Reed Bunting (Emberiza schoeniclus)

BREEDING

DISTRIBUTION MAPS

Reed Bunting © Richard Steel

Reed Bunting © Richard Steel

The rapid decline in breeding numbers has put Reed Bunting on the Red List of species of conservation concern, with a national and local BAP to support action for its recovery. The national population index for Reed Bunting crashed to reach a low point in 1984 that was 57% down on their peak just a decade earlier in 1975; the Cheshire and Wirral picture may have been worse, since the fall in northern Britain was greater than in southern areas (Peach et al 1999). Since then, the national index has fluctuated within quite a narrow range and the 2004 figure is little different from that of twenty years before.
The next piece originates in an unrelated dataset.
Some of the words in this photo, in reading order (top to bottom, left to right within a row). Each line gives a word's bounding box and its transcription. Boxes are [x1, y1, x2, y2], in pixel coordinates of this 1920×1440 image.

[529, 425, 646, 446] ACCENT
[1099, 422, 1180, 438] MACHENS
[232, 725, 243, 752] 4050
Thus, the population was falling throughout the period of our First Atlas, and the large decrease (169 lost, 54 gained) in occupied tetrads shown in the ‘change’ map is probably mainly in tetrads surveyed in the early years of our 1978-84 First Atlas survey. This drop is widespread and scattered throughout the county but includes a major loss from most of the Wirral peninsula. It is still, however, a common bird of the damp, scrubby areas in the Mersey valley, and Reed Bunting is perhaps the characteristic species of the marl pit ponds across much of agricultural Cheshire; the only areas showing more than the odd gains since our First Atlas are in the south-west of the county.

Demographic analyses suggest that the national decline was driven by decreasing over-winter survival rates, particularly for the inexperienced first-year birds, probably because of reduced availability of small seeds on farmland (Peach et al. 1999). The breeding decline was as severe along waterways as on farmland, and deterioration of the Reed Bunting’s characteristic wetland habitats may have had a serious effect, through loss of small ponds, unsympathetic river engineering and the encroachment of scrub and carr. In other parts of Britain, Reed Buntings have compensated by moving to breed into fields of this crop: farmland densities are four times higher in oilseed rape than in cereals or setaside (Gruar et al 2006). This is not likely to have had much effect in Cheshire and Wirral, however, with the relatively low area of this crop.

Reed Bunting abundance.

Reed Bunting abundance.

Breeding Reed Buntings occupied a very wide range of habitats. Most contained water or reedbed, but a significant fraction of birds belie the species’ name. During the middle of the 20th century the species had spread out to occupy some dry habitats, although these are probably sub-optimal and much of the population decline seems to have been in these drier areas. Even in apparently favourable habitat, however, there have been waning numbers. This species has been included in most years of the mid-May Woolston warbler census; counts have dropped dramatically from a mean of 103 singing males in the years 1983-89, to 78 males in 1994-97 and a mean of only 36 singing males during the three years of this Atlas. The unmanaged progression from open scrub towards a drier woodland has presumably been inimical to this species. It has also been noticeable across the county that the species has extended its breeding season, with some birds singing into August, probably driven by the poor success of early nests to prolong their season with further attempts. Fieldworkers confirmed breeding in 40% of the tetrads, mostly by seeing adults with a beak full of grubs, the observers’ attention probably being drawn by the birds’ insistent anxiety calls. Adults feed themselves on small seeds all year round, but have to find the protein-rich invertebrates for their chicks; it may be a reduction in insects that has cut Reed Bunting breeding numbers, especially in drier habitats.

The BTO analysis of 2004-05 BBS data puts the breeding population of Cheshire and Wirral as 4,410 birds (3,930-4,930), corresponding to an average of about 16 birds per tetrad with confirmed or probable breeding, or 10 birds per tetrad in which the species was recorded. The abundance map, although distorted for much of Wirral, shows that the main density of Reed Buntings is along the Mersey valley, where most of their ideal habitat is to be found.